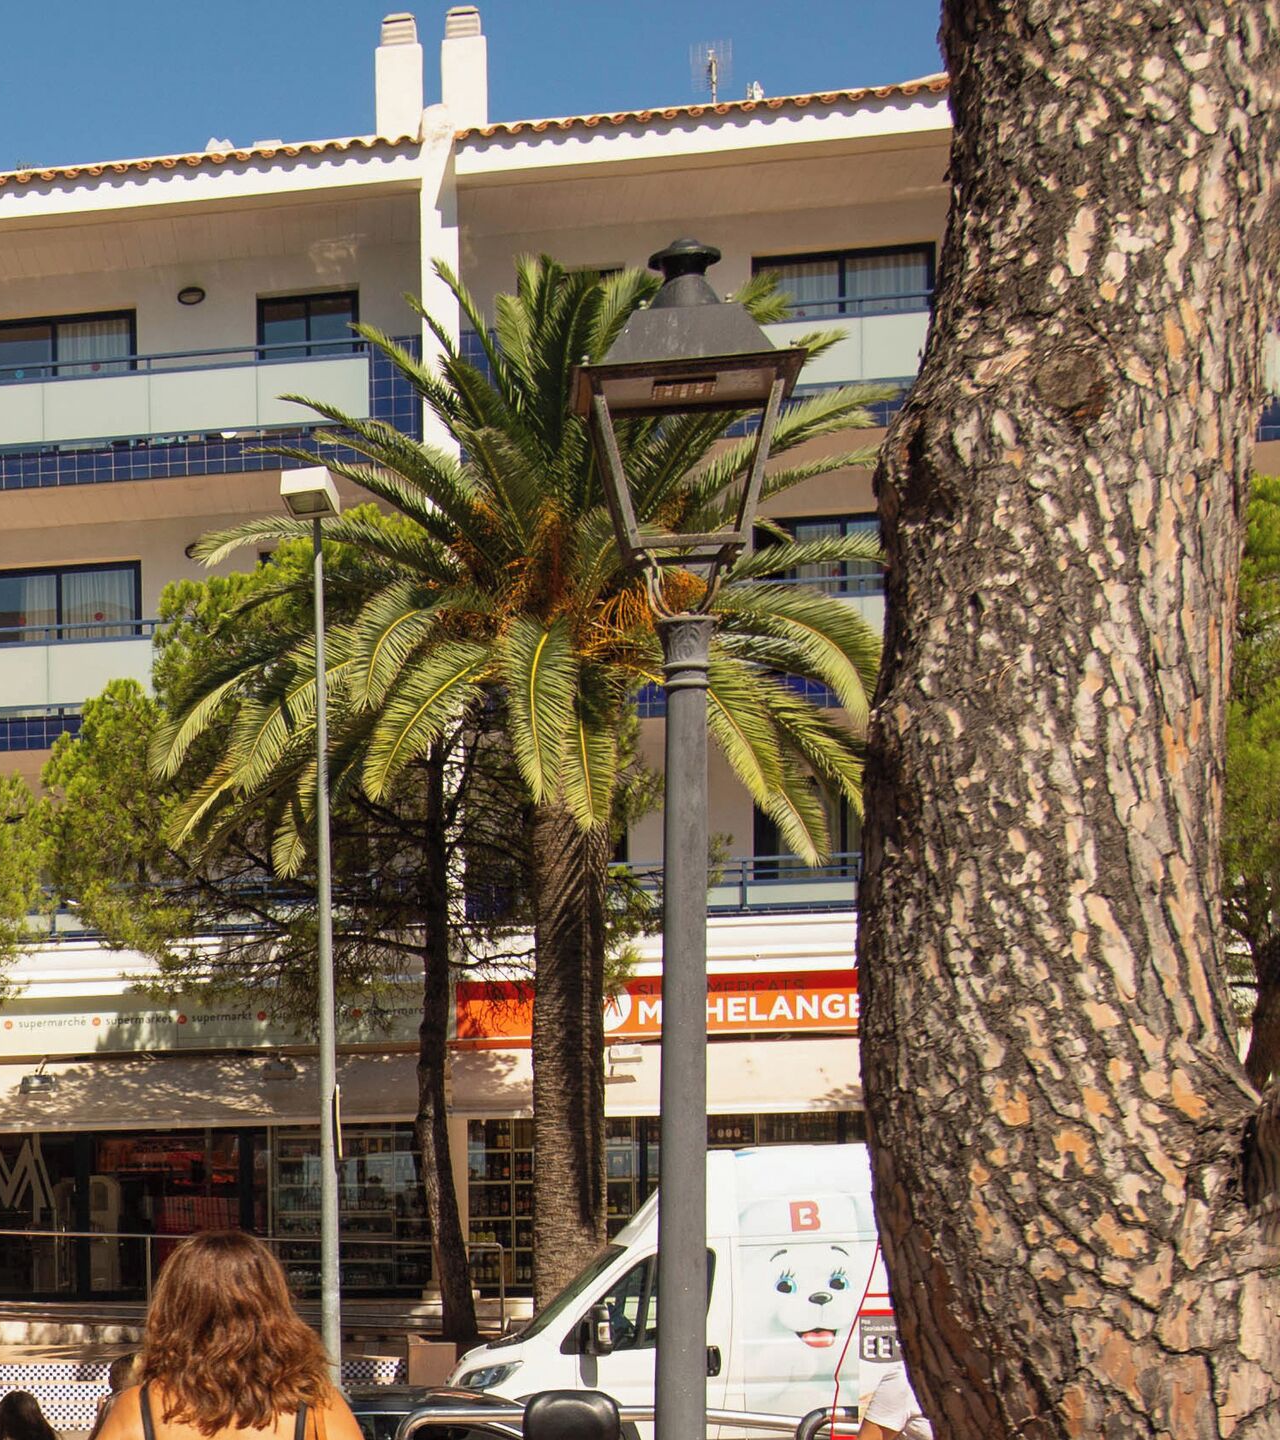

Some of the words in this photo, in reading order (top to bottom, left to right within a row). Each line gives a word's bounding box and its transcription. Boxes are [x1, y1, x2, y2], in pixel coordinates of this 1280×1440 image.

[636, 979, 806, 997] SUMERCATS
[105, 1014, 173, 1027] supermarket
[191, 1011, 252, 1025] supermarkt
[637, 993, 860, 1025] MHELANGE
[789, 1200, 822, 1233] B

--------------------------------

Leave the pictures out and transcribe the remaining material exactly.

Result →
Some of the words in this photo, in reading order (top to bottom, left to right within a row). Each line gives a word's bounding box and its transcription. Boxes are [x1, y1, x2, y2], in pixel coordinates of this 1280×1440 image.

[636, 979, 806, 997] SUMERCATS
[105, 1014, 173, 1027] supermarket
[191, 1011, 252, 1025] supermarkt
[637, 993, 860, 1025] MHELANGE
[789, 1200, 822, 1233] B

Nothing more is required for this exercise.